South Korea drafts crypto seizure rules after police custody lapses cost millions

Semi-realistic illustration of a government crypto custody vault, a digital wallet with split private keys, and a KNPA badge.

South Korea’s National Police Agency is moving to tighten the way seized virtual assets are handled after a series of operational failures exposed serious weaknesses in public-sector crypto custody. The new administrative rules are meant to bring structure to areas such as wallet-address management, private-key control, and the storage of software and hot wallets.

The policy push follows a damaging run of mistakes that, contributed to losses of roughly $6 million and revealed vulnerabilities in the management of about 54.5 billion won, or $36.5 million, in digital assets seized over the past five years. The scale of those failures has turned crypto custody from a technical issue into a broader credibility problem for state authorities.

A Push Toward Standardized Public-Sector Crypto Custody

The draft rules seek to standardize how law enforcement handles seized digital assets, including privacy-focused tokens and assets stored in hot wallets. At the center of the proposal is a more disciplined framework for documenting wallet addresses, separating private-key access, and tightening operational controls around software wallets.

Those changes build on steps already taken by financial regulators. The Financial Services Commission has required multi-signature wallets for evidence handling, while the Financial Supervisory Service is introducing AI monitoring tools to strengthen broader oversight of digital-asset activity.

The urgency behind the reforms is rooted in several high-profile failures. The Gangnam Police Station lost 22 BTC because of weak private-key control and reliance on a third-party wallet arrangement, while the National Tax Service accidentally exposed a recovery phrase in a press release before roughly $4.8 million was stolen.

Another incident added to the pressure for reform. Prosecutors were hit by a phishing attack during an evidence transfer in August 2025 that briefly cost 320 BTC, even though those coins were later recovered and sold for $21.5 million.

Budget, Expertise and Execution Remain the Real Test

Officials have acknowledged that limited budgets and weak internal expertise made the custody problem harder to solve. The police allocated only 83 million won, about $55,600, for handling seized crypto assets, a level that critics say is badly out of step with the security and operational risks involved.

That mismatch has already complicated efforts to outsource the problem. Three attempts in 2025 to appoint a private custodian failed, pushing the KNPA to plan another selection process in the first half of 2026 while also exploring the option of a government-run public custodian.
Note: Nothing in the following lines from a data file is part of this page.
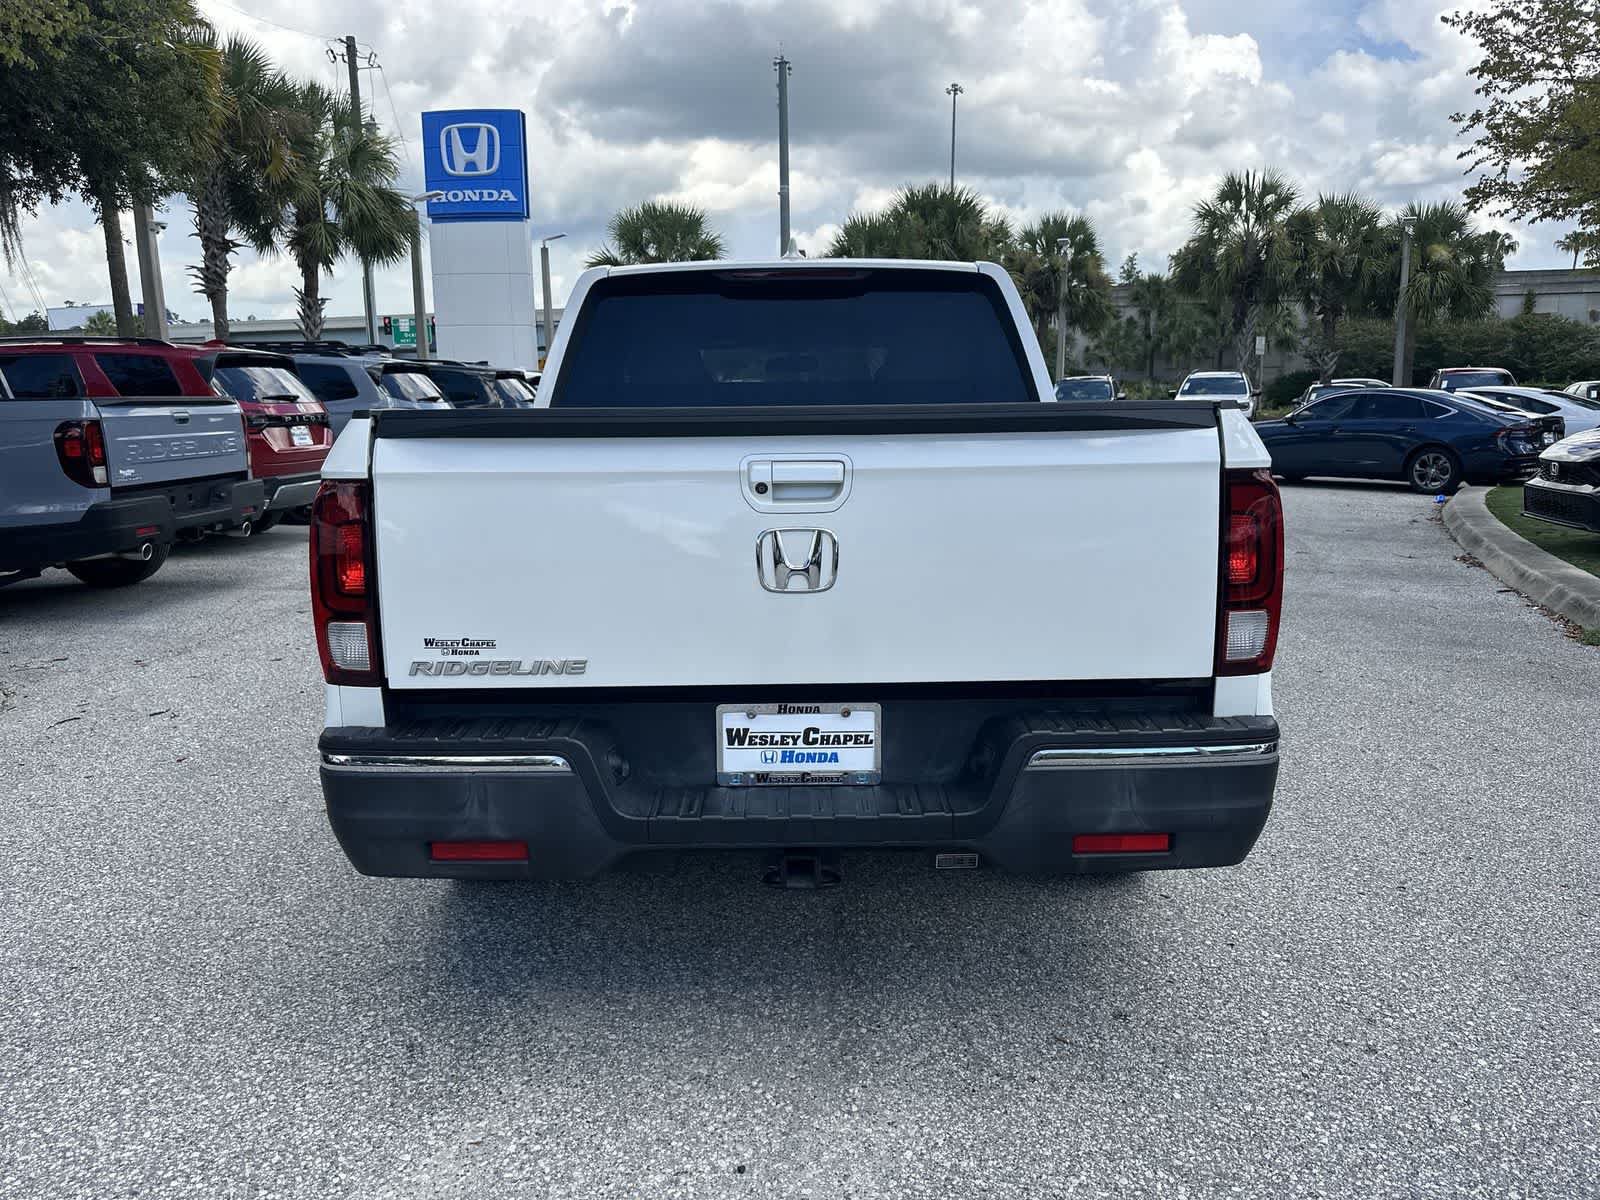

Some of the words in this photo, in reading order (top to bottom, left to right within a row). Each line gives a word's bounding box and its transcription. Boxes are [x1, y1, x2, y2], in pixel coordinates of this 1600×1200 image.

[408, 659, 588, 677] RIDGELINE
[777, 704, 821, 714] HONDA
[726, 727, 802, 747] WESLEY
[802, 727, 874, 746] CHAPEL
[780, 750, 839, 764] HONDA
Experts argue that better procedures alone will not be enough without deeper institutional capability. The bigger challenge is turning technical safeguards into routine practice by adding cryptographic-security professionals, forensic analysts, and custody specialists who can manage seized assets without repeating the same procedural mistakes.

The success of the new framework will depend on whether those practical gaps are closed. If South Korean authorities secure a qualified custodian and build the internal expertise to support the new rules, the risk around seized assets should fall meaningfully; if not, public confidence in state crypto custody will remain fragile.